Records for the task: Begin

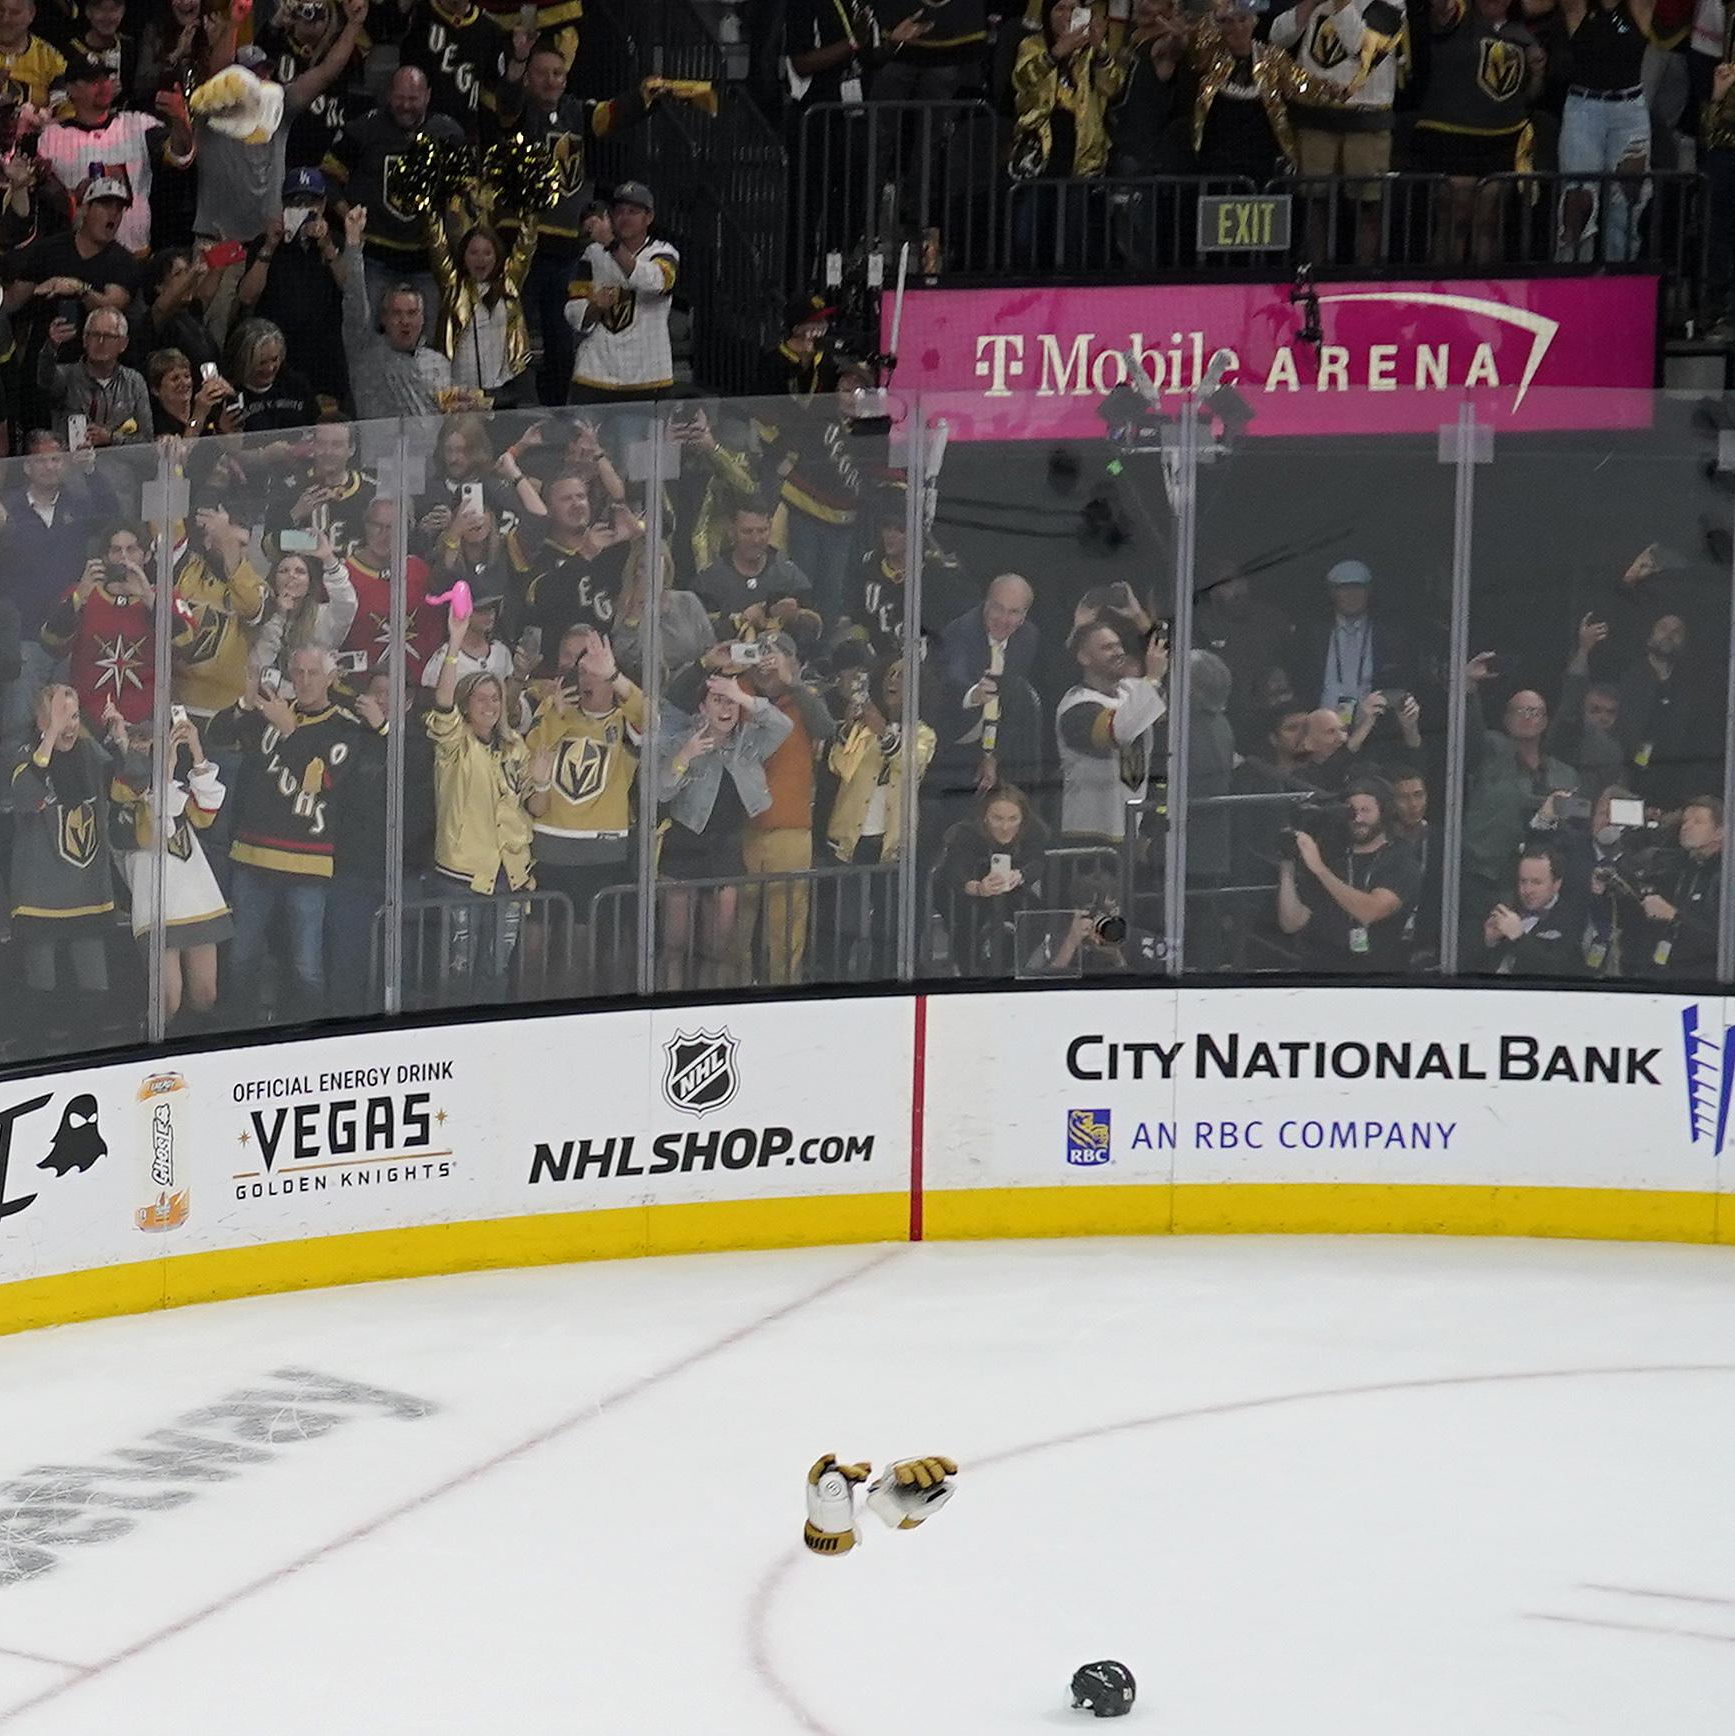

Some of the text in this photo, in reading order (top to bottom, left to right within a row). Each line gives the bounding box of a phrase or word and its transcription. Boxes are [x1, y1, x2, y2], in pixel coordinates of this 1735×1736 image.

[1217, 202, 1275, 245] EXIT
[1263, 342, 1501, 393] ARENA
[232, 1060, 455, 1103] OFFICIAL ENERGY DRINK
[678, 1041, 726, 1102] NHL
[249, 1092, 431, 1173] VEGAS
[1131, 1120, 1458, 1150] AN RBC COMPANY
[528, 1126, 875, 1184] NHLSHOP.COM
[1069, 1147, 1109, 1164] RBC
[235, 1161, 450, 1201] GOLDEN KNIGHTS
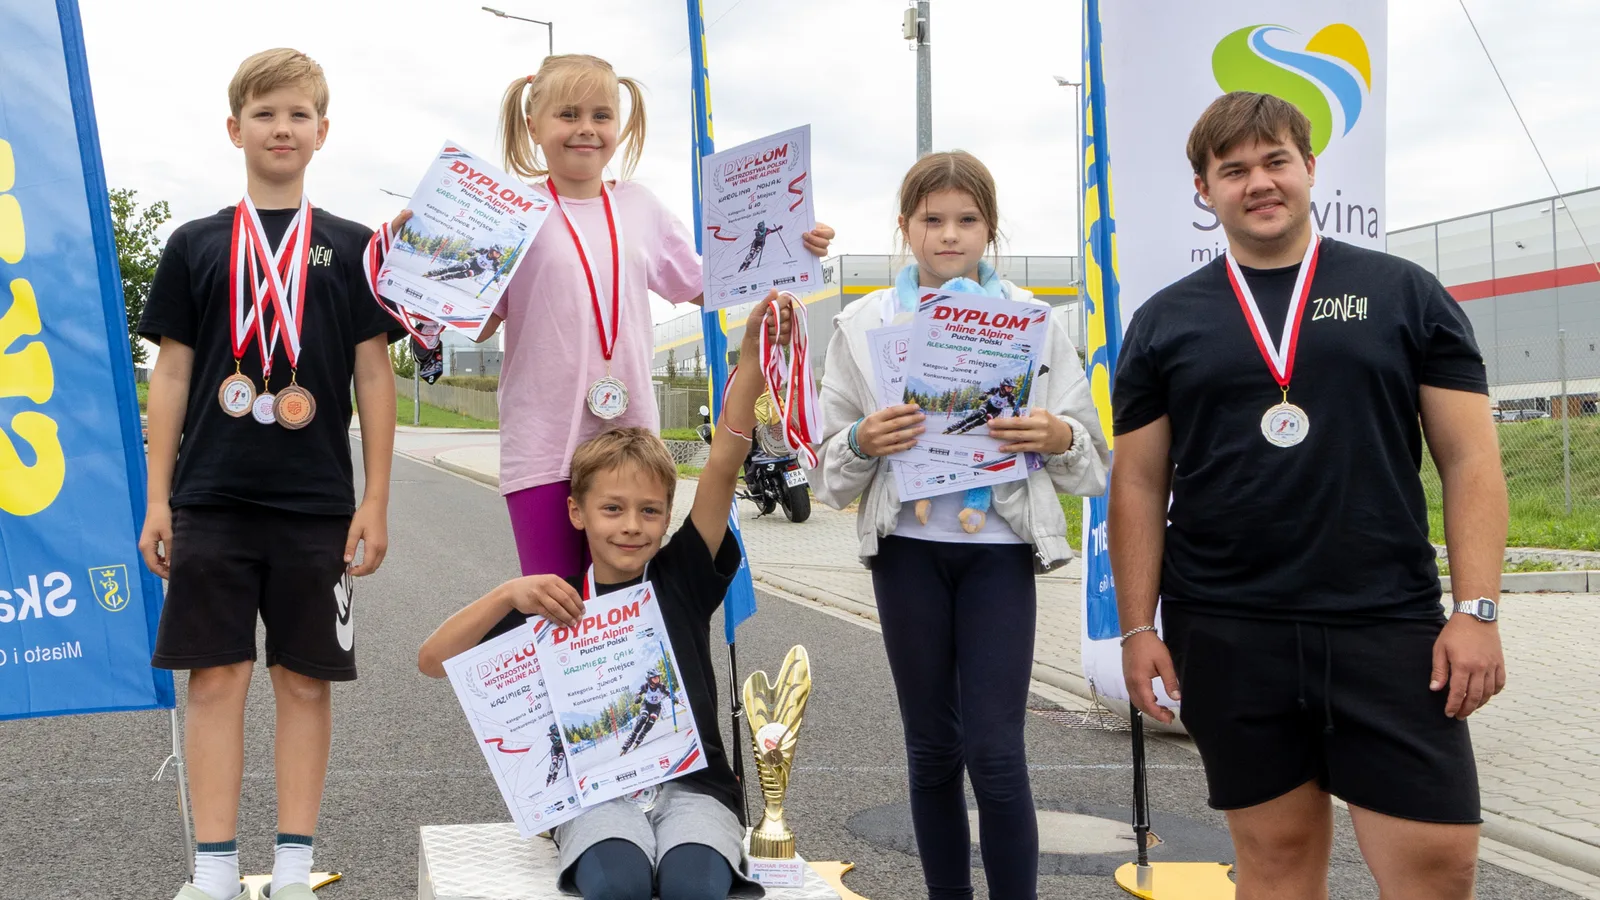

Records for the task: End

Output each line above exactly. Skip the images.

:: Answer ::
Some of the text in this photo, in reading order (top to bottom, left to right within a row). Each line gives the bounding box of a phrase or word and its transcription. Boxes are [x1, y1, x2, y2], in pixel coordinates of this 1735×1736 image.

[1217, 202, 1275, 245] EXIT
[1263, 342, 1501, 393] ARENA
[232, 1060, 455, 1103] OFFICIAL ENERGY DRINK
[678, 1041, 726, 1102] NHL
[249, 1092, 431, 1173] VEGAS
[1131, 1120, 1458, 1150] AN RBC COMPANY
[528, 1126, 875, 1184] NHLSHOP.COM
[1069, 1147, 1109, 1164] RBC
[235, 1161, 450, 1201] GOLDEN KNIGHTS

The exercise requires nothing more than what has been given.